• [Problem requirements]: The copy has to match the data exactly and leave out every picture.

• [Records provided]:

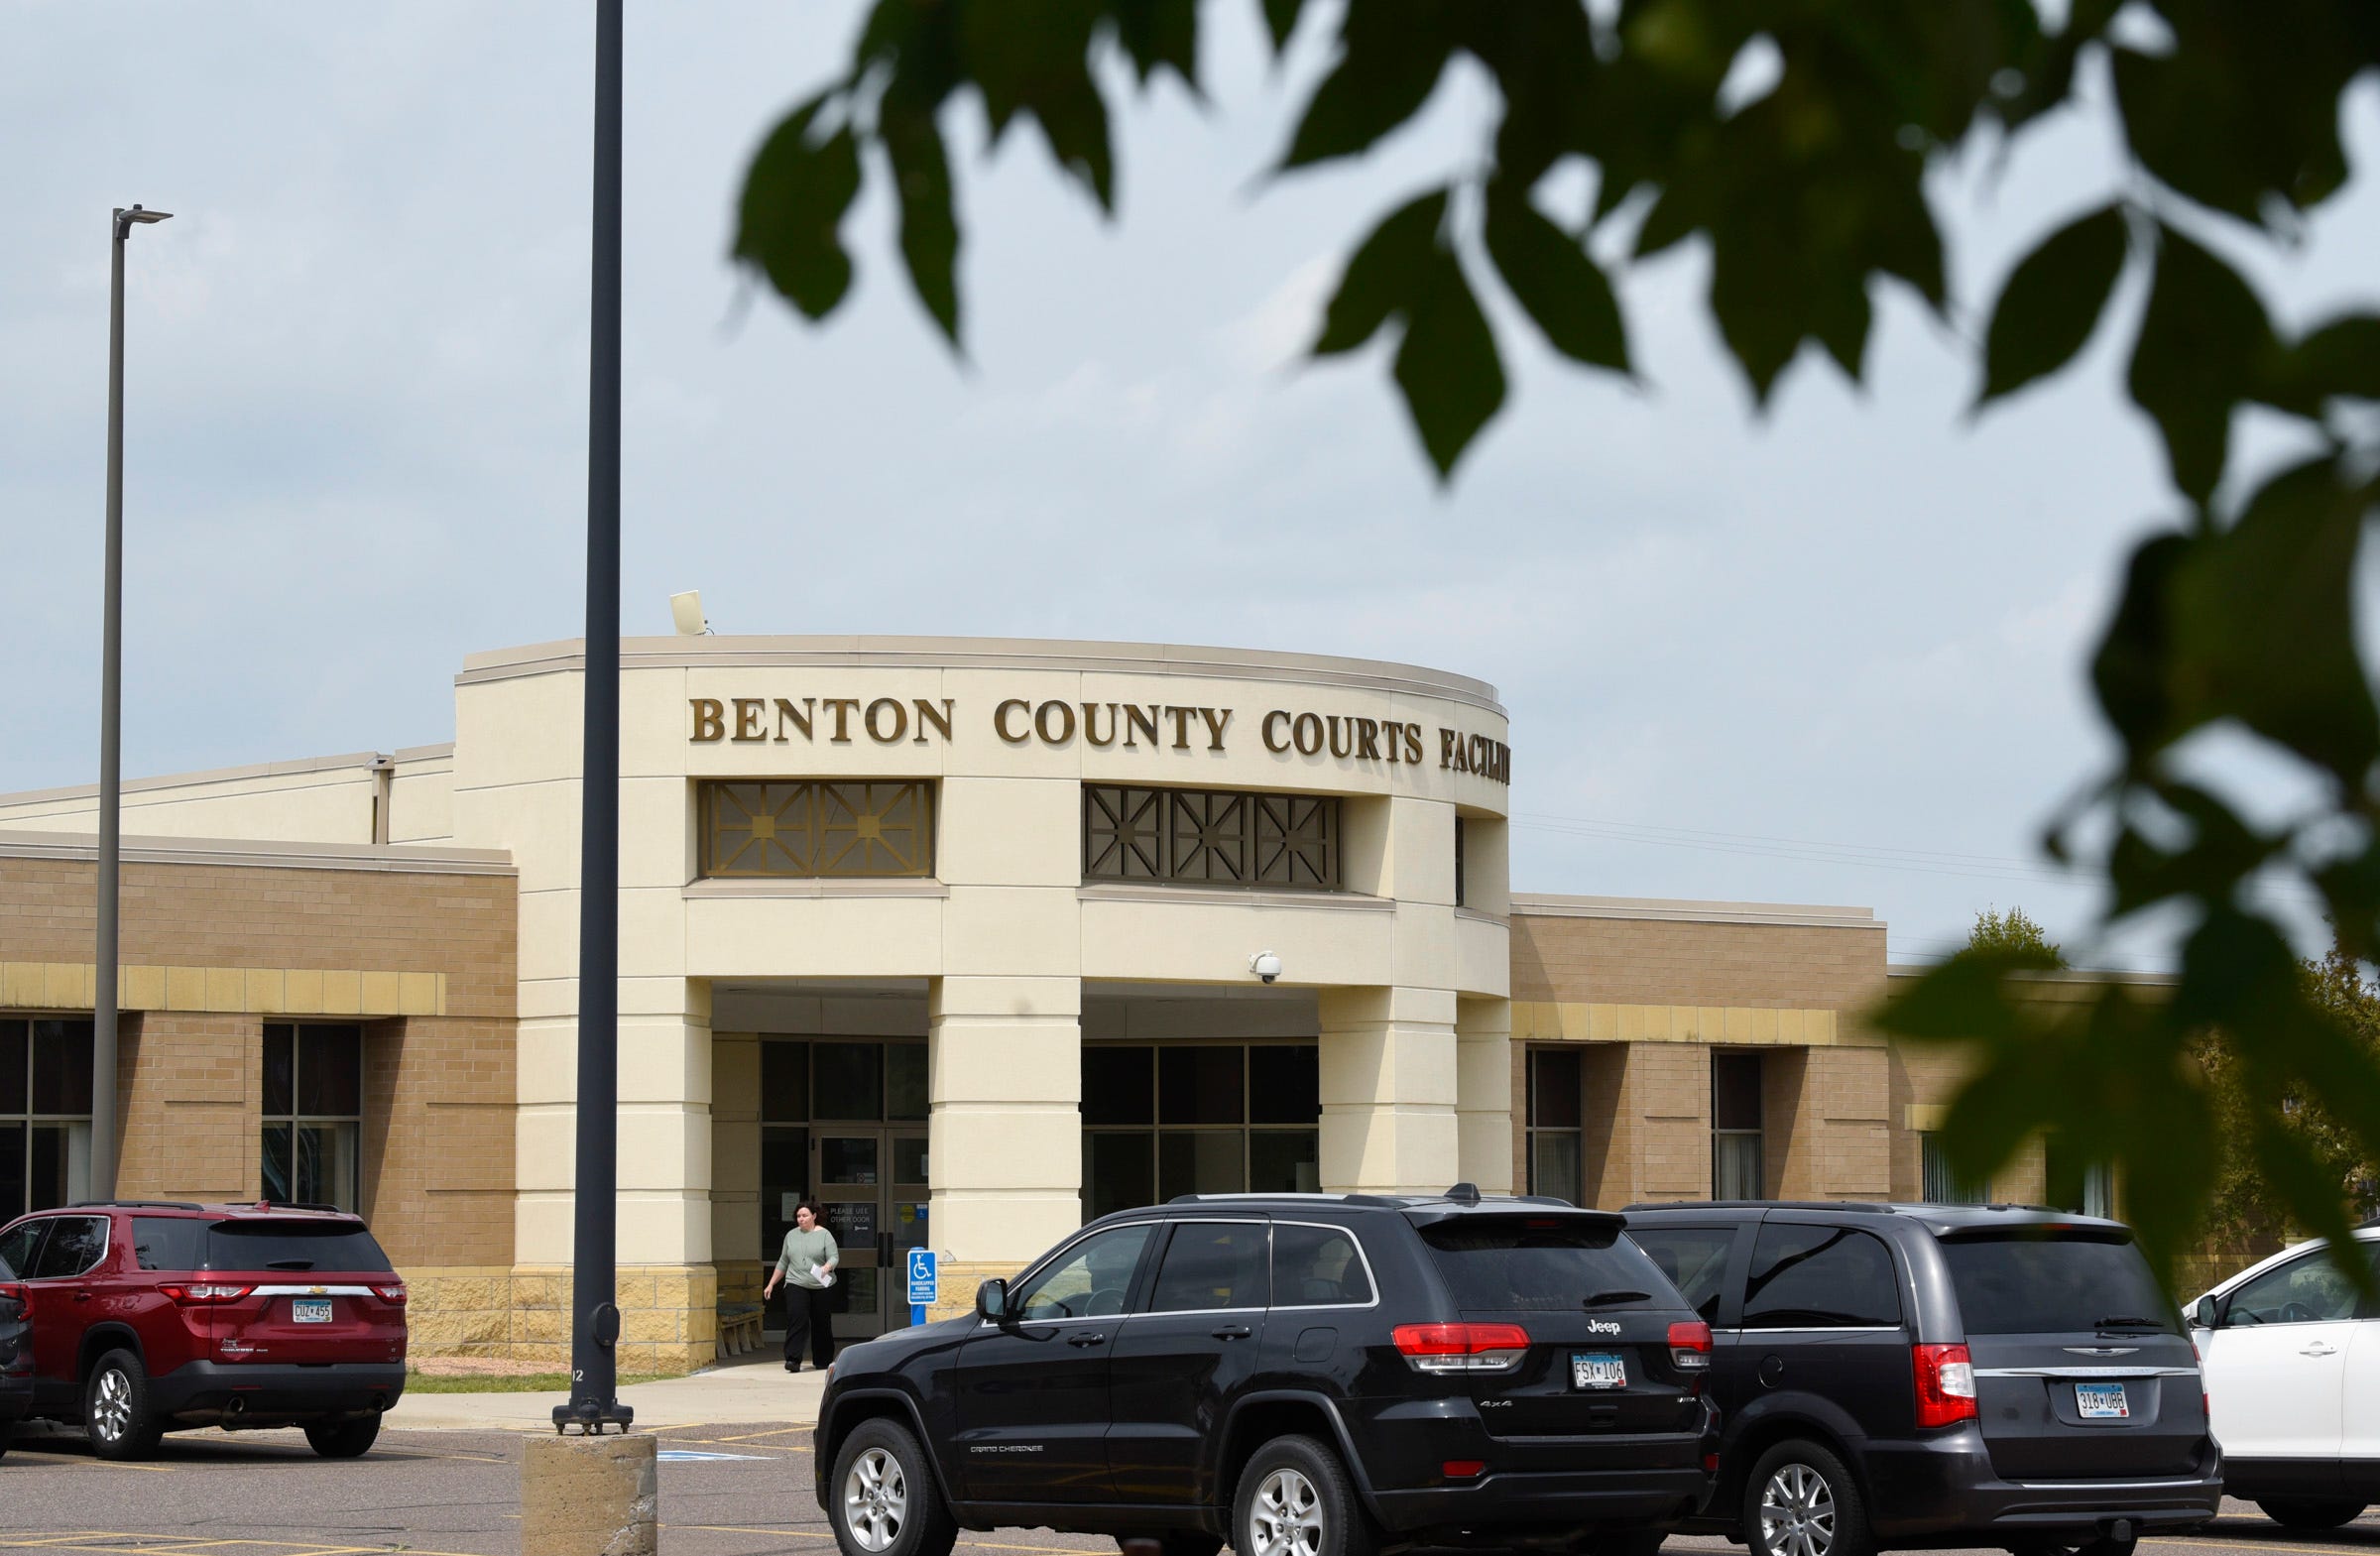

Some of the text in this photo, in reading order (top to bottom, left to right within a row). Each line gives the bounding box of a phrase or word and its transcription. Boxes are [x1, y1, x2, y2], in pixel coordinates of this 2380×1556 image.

[688, 697, 956, 744] BENTON
[994, 698, 1234, 751] COUNTY
[1261, 710, 1424, 765] COURTS
[295, 1305, 330, 1317] CUZ 455
[1587, 1318, 1621, 1336] Jeep
[1575, 1362, 1623, 1379] FSX 106
[2080, 1392, 2125, 1409] 318 UBB
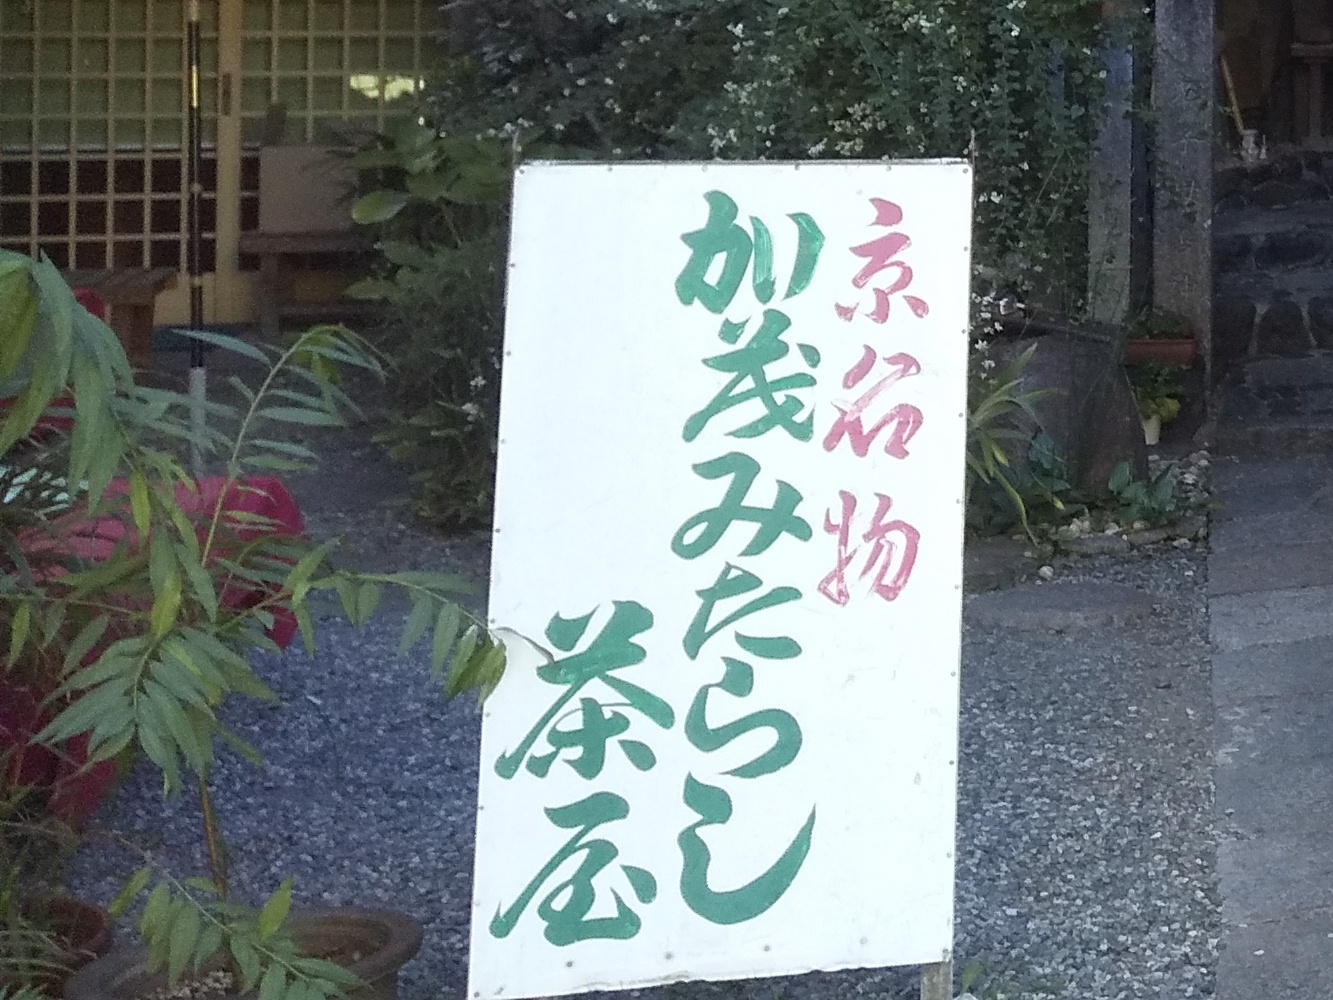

• [Answer to this task]:
Some of the text in this photo, in reading order (top to bottom, left to right within a row). Each line gives the bounding box of a phrase or word and its transcription. Boxes are [x1, y1, x2, y2], in pixel coordinates of this 2380×1556 image.

[688, 697, 956, 744] BENTON
[994, 698, 1234, 751] COUNTY
[1261, 710, 1424, 765] COURTS
[295, 1305, 330, 1317] CUZ 455
[1587, 1318, 1621, 1336] Jeep
[1575, 1362, 1623, 1379] FSX 106
[2080, 1392, 2125, 1409] 318 UBB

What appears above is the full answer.